Science Spotlight

Moving forward genetics forward with a new RNA-seq based approach

Figure: Diagram of the RNA-seq-based approach. A) Heterozygous animals (+/-) that have a mutation (red asterisk; grey bar represents chromosome linked to the mutation) are crossed to obtain wild-type and mutant embryo pools. B) The mutant pool will be homozygous for the mutation and also for SNPs proximal to the mutation (i.e. SNP2) but will be heterozygous at other SNPs (i.e. SNP1) due to meiotic recombination. C) The wild-type pool identifies SNP1 and SNP2, two polymorphisms useful for mapping. The sequence data from the mutants is then interrogated at the marker positions to identify homozygosity, indicating the identification of the candidate mutation. D) Plotting mutant marker frequency against chromosomal position reveals the region of linkage (red box).
Image obtained from the manuscript

Forward genetic screens are a method used to identify genes which are responsible for a particular phenotype. They have been used to identify many molecular components of the biochemical pathways that develop and maintain life. However, the identification of RNA interface (RNAi), a biological process by which RNA molecules inhibit gene expression, and other powerful genetic knock-down strategies, has made reverse genetic screens extremely popular. Reverse genetic screens start by disrupting a known gene, and then analyze the resultant phenotypes. Many forward genetic screens have been less fruitful given the difficulty in mapping causative mutations of a given phenotype. This is especially true in vertebrate models, where whole genome sequencing (popular with invertebrate screens) can be costly due to large genome sizes. The Moens’s Lab (Basic Sciences Division) recently developed a novel technique based on RNA-seq to provide a relatively cost effective way of identifying mutations from forward genetic screens.

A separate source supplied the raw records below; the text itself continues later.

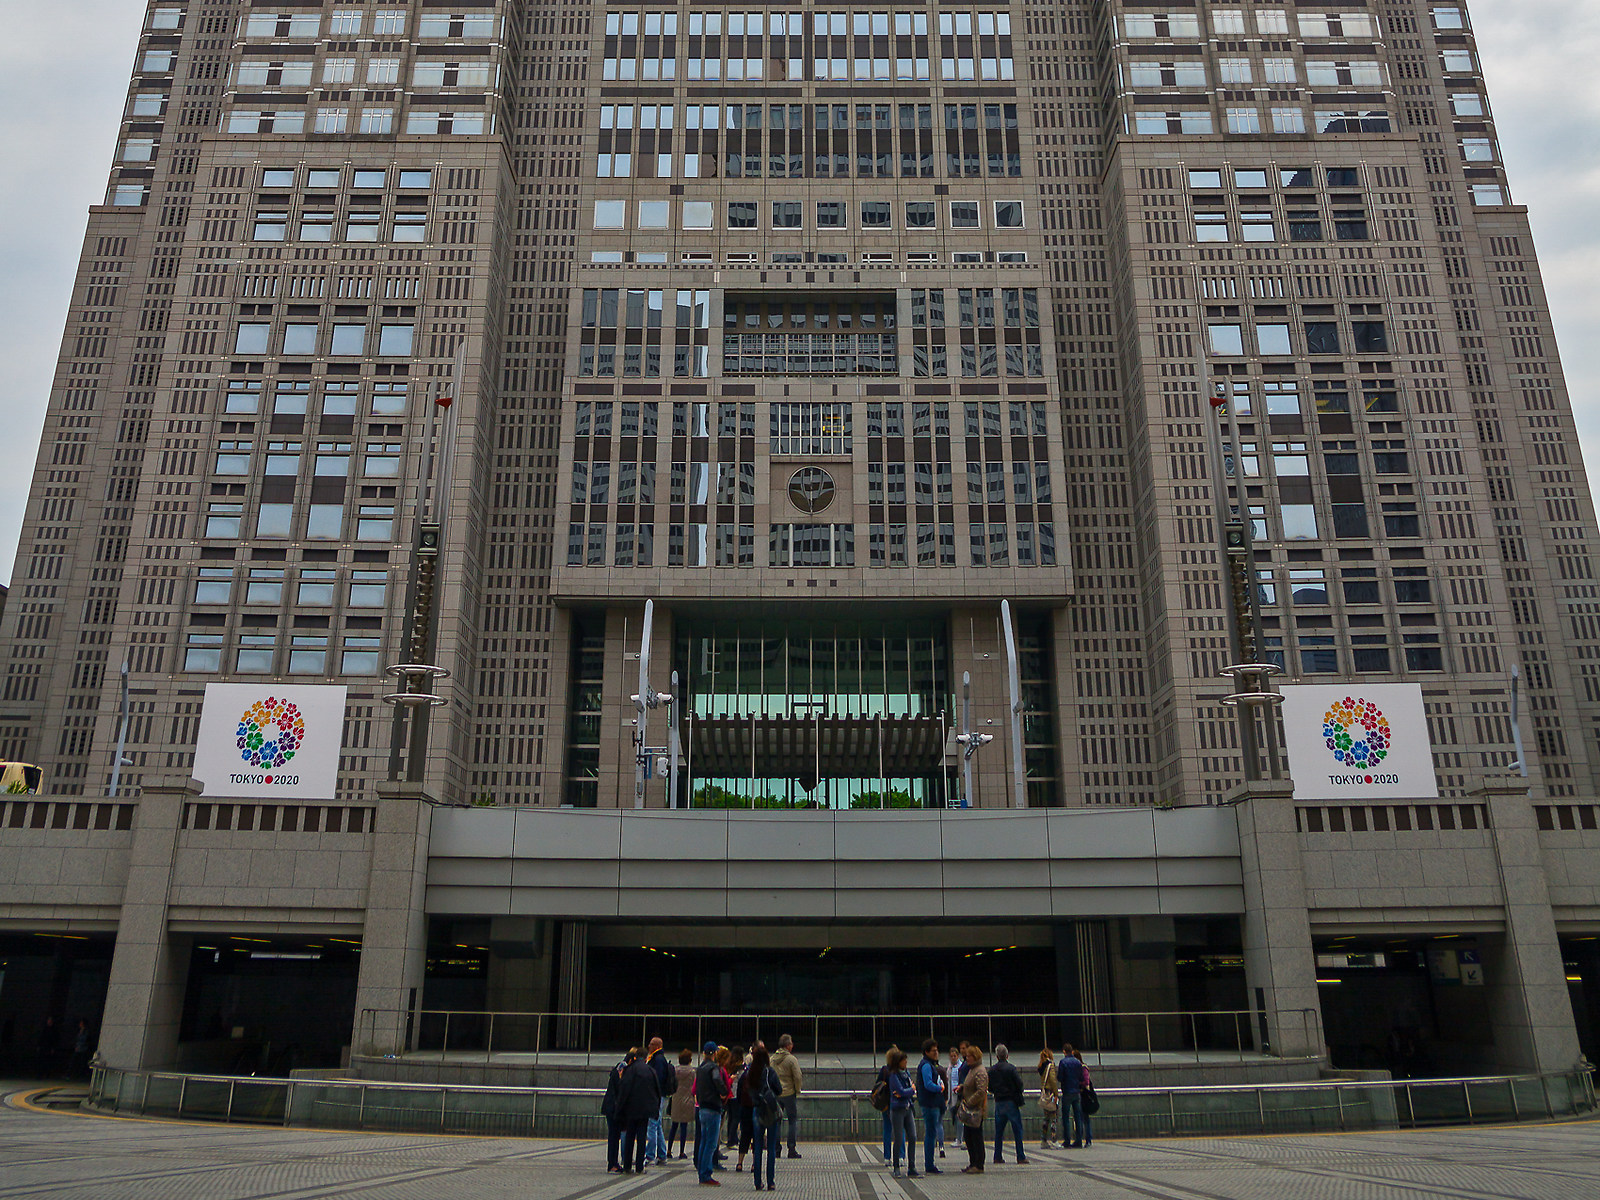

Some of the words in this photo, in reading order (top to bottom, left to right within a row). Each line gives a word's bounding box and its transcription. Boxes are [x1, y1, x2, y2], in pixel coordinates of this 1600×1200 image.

[230, 774, 264, 785] TOKYO
[274, 775, 299, 785] 2020
[1328, 774, 1363, 785] TOKYO
[1373, 774, 1399, 784] 2020
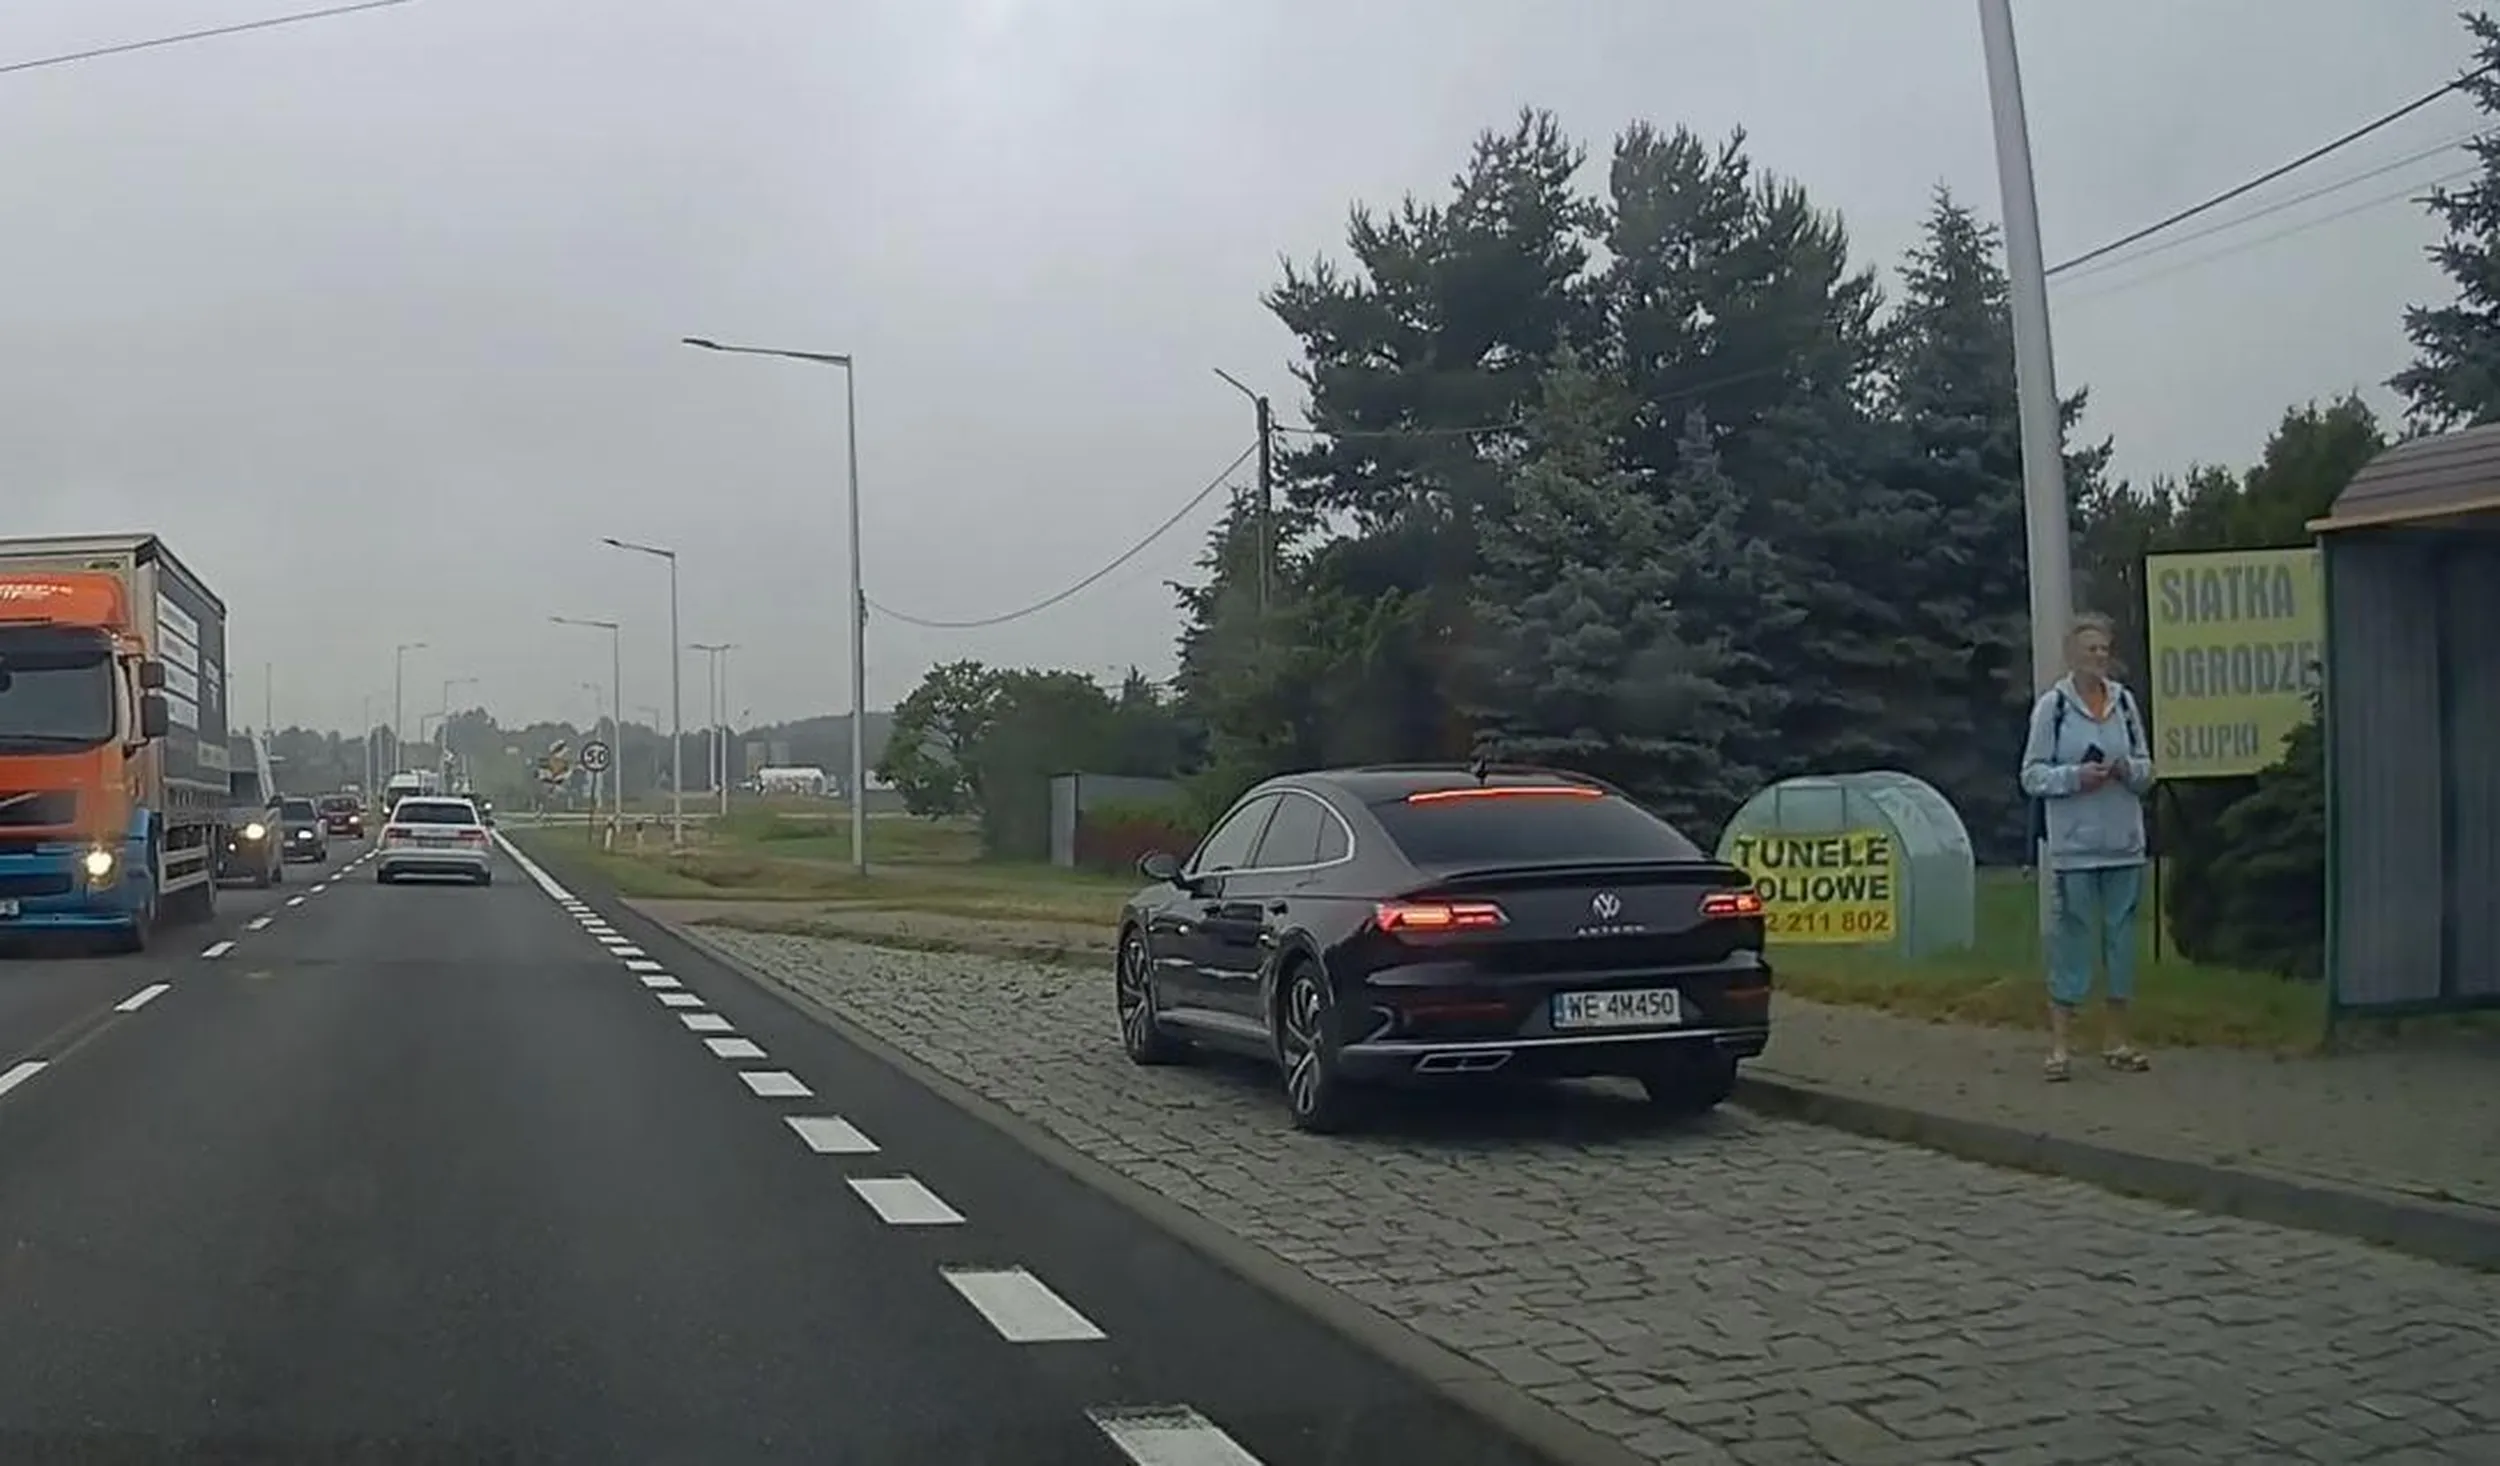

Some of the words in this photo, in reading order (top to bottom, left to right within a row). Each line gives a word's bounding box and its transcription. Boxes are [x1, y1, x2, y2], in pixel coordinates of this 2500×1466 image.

[2159, 564, 2295, 625] SIATKA
[2161, 641, 2323, 699] OGRODZE
[586, 748, 609, 765] 50
[1734, 836, 1890, 868] TUNELE
[1756, 875, 1890, 902] OLIOWE
[1786, 911, 1831, 933] 211
[1841, 910, 1890, 933] 802
[1568, 994, 1600, 1020] WE
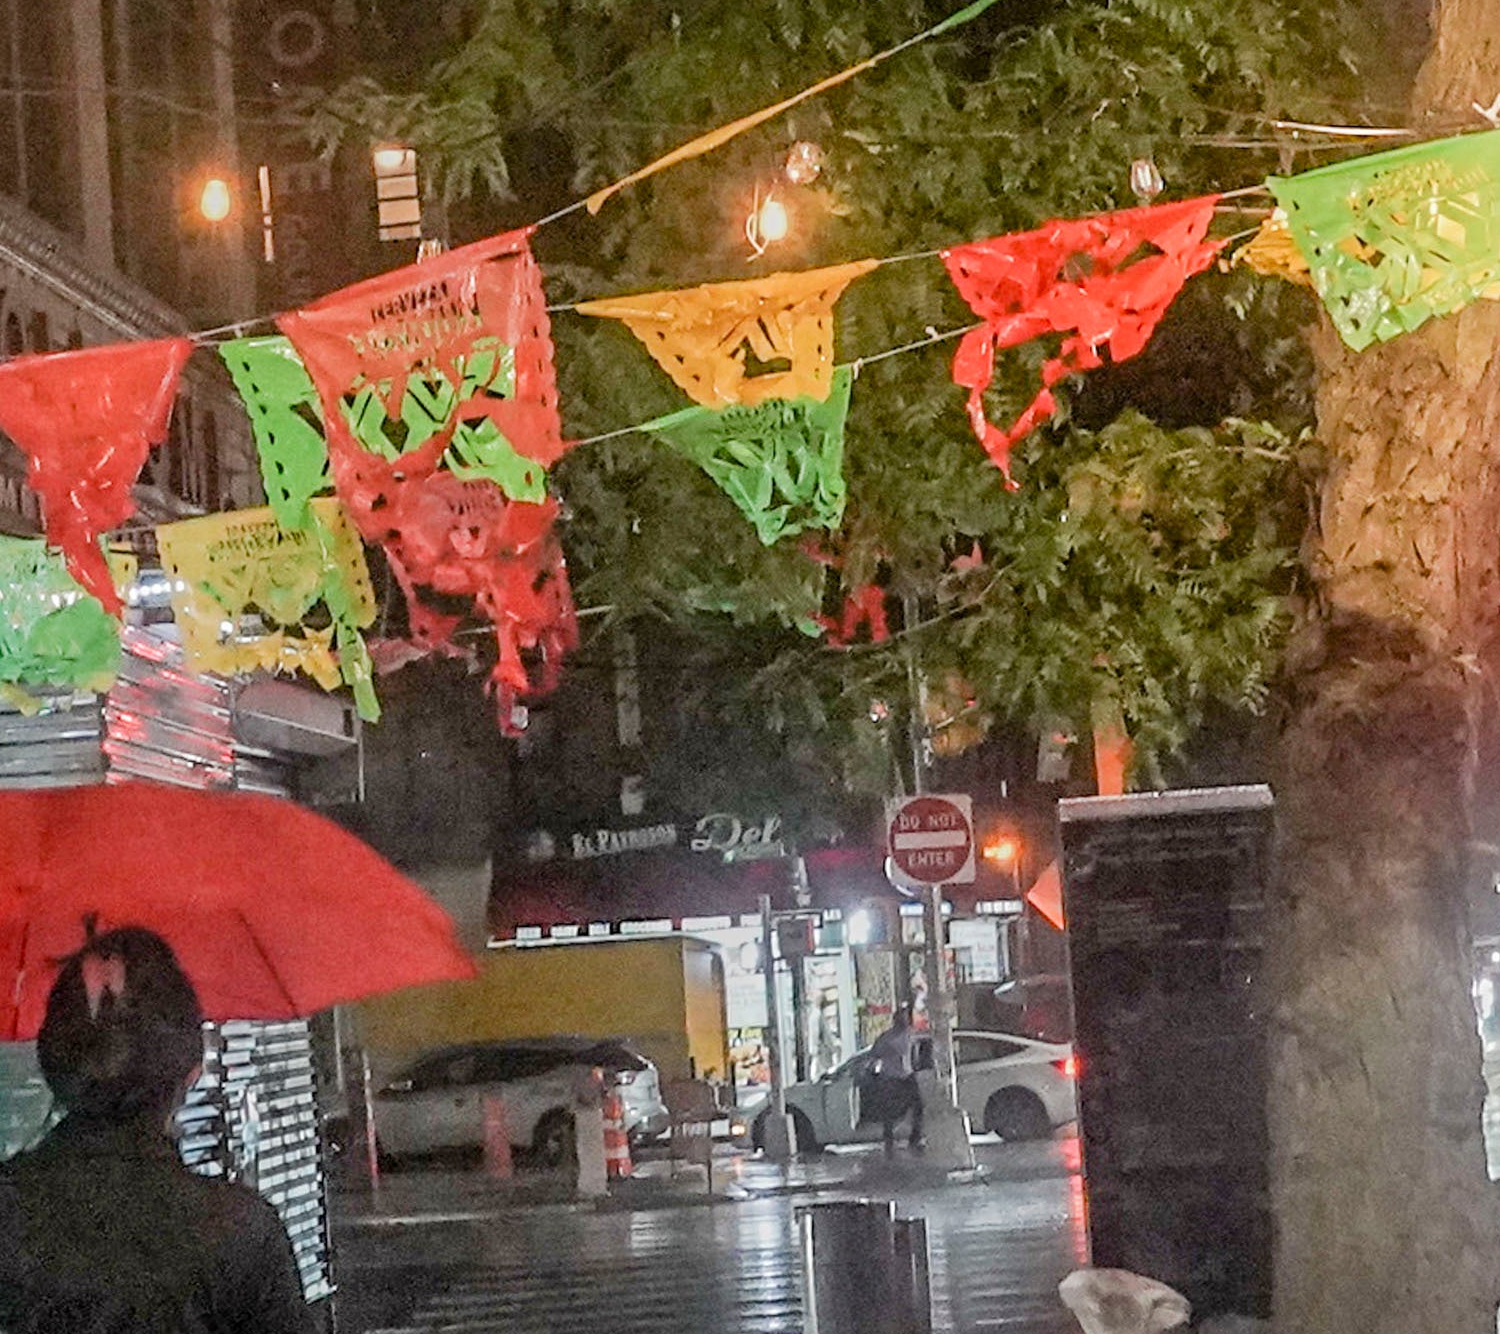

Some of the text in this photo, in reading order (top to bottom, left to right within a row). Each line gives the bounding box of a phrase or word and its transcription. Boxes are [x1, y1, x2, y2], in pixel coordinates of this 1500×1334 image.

[899, 811, 959, 830] DO NOT
[908, 850, 955, 867] ENTER
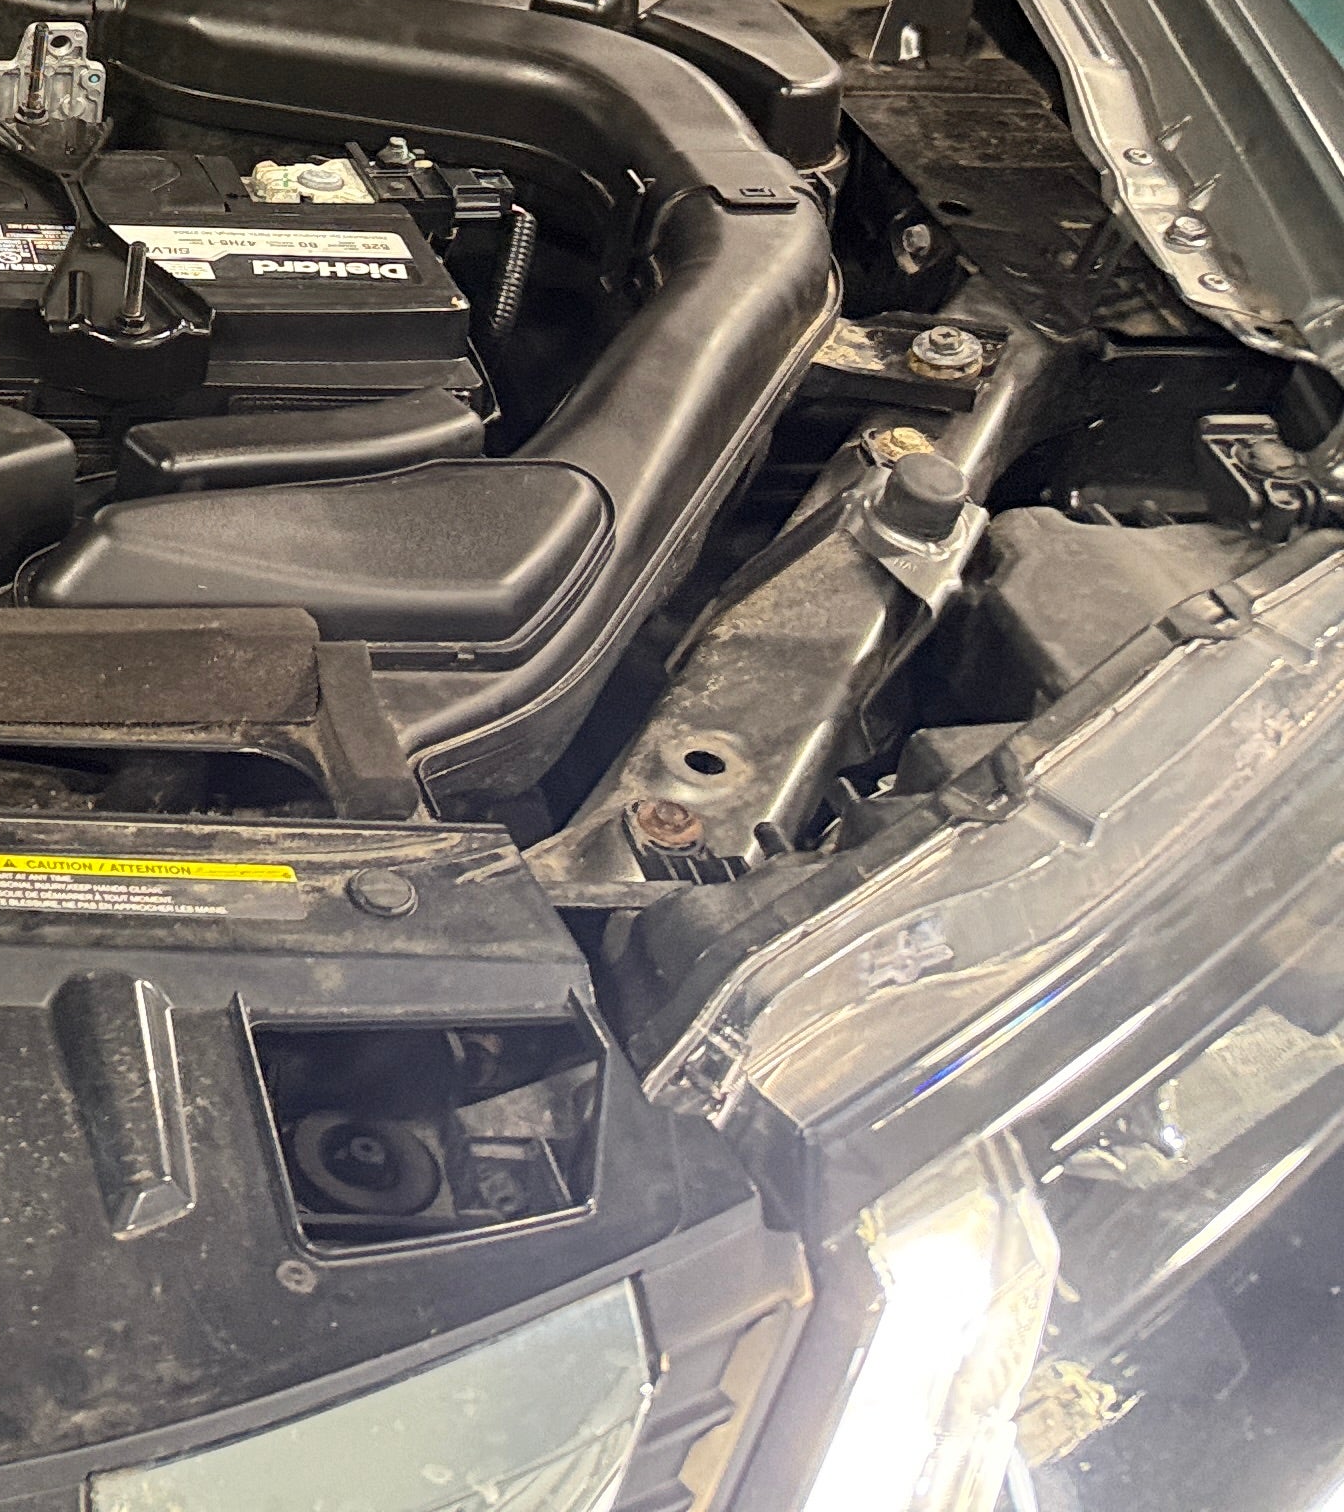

Under Dr. Moens’s guidance, Miller et al. devised an RNA-seq-based bulk segregant analysis (BSA) approach to identify the candidate mutations. BSA identifies regions of the genome that are linked to a mutation in a group of mutant animals. The researchers reasoned that next generation sequencing of RNA isolated from mutants would uncover single nucleotide polymorphisms (SNPs) that co-segregate with the mutant phenotype and that would help to map mutations. Moreover, changes in mRNA transcript levels or splicing events would be revealed by the sequencing data and might therefore give the researcher a head start in discovering how the mutation might affect protein stability or function.

As a proof of principle, Miller and colleagues used four already-established zebrafish mutants to test whether RNA-seq would effectively identify the genomic locus of the mutations. After crossing heterozygous mutants (to obtain wild-type siblings from the cross) and scoring for the phenotype of interest, RNA from wild-type and mutant embryo pools was extracted, and cDNA was prepared from the isolated mRNA to generate the sequencing libraries (see figure). By barcoding each pool with a unique sequence tag, a total of six libraries (three sibling/mutant pairs) were added to each lane of an Illumina HiSeq 2000 machine to generate an average of 43 million 50-base pair paired-end reads per sample.

The reads from each sibling/mutant pair were aligned to the zebrafish genome using the TopHat/Bowtie program, and SNPs within the wild-type sequence were identified that could serve as markers to test for linkage within the mutant sequences. 40,000 high-confidence markers (SNPs) per experiment were identified that were used to determine if a particular genomic region was linked to the mutation of interest.  For instance, the SNP marker frequency at or proximal to the mutation will be 1 (all alleles are the same), with a decrease in frequency the farther away the SNP resides on the chromosome from the mutation. The researchers confirmed that their RNA-seq protocol successfully identified the four known genetic lesions of their mutants. Increasing the number of embryos sequenced from 20 to 80 helped to decrease the linkage area, indicating that sequencing a moderate number of embryos can accurately pinpoint the genomic region of the responsible mutation. Moreover, the authors gathered that their RNA-seq approach could identify a reasonable number of SNP changes that could represent mutations of interest when mapping unknown mutants from genetic screens. 

Altogether, the development of an RNA-seq based mapping approach to identify candidate mutations from genetic screens has many advantages. RNA-seq is relatively inexpensive and effectively limits the genomic landscape sequenced since only expressed genes would be sequenced. Potential changes in RNA splicing due to mutations would be apparent within the sequenced datasets, as would changes in the expression level of genes linked to the mutation of interest. The authors have also developed an in silico bioinformatics pipeline ( to aid other researchers in their genetic mapping endeavors.  The novel RNA-seq method developed by Miller and colleagues will undoubtedly hasten the final steps in forward genetic screens to reveal mutations in genes that affect nearly every aspect of life.

Miller AC, Obholzer ND, Shah AN, Megason SG, Moens CB. 2013. RNA-seq-based mapping and candidate identification of mutations from forward genetic screens.Genome Res.doi:10.1101.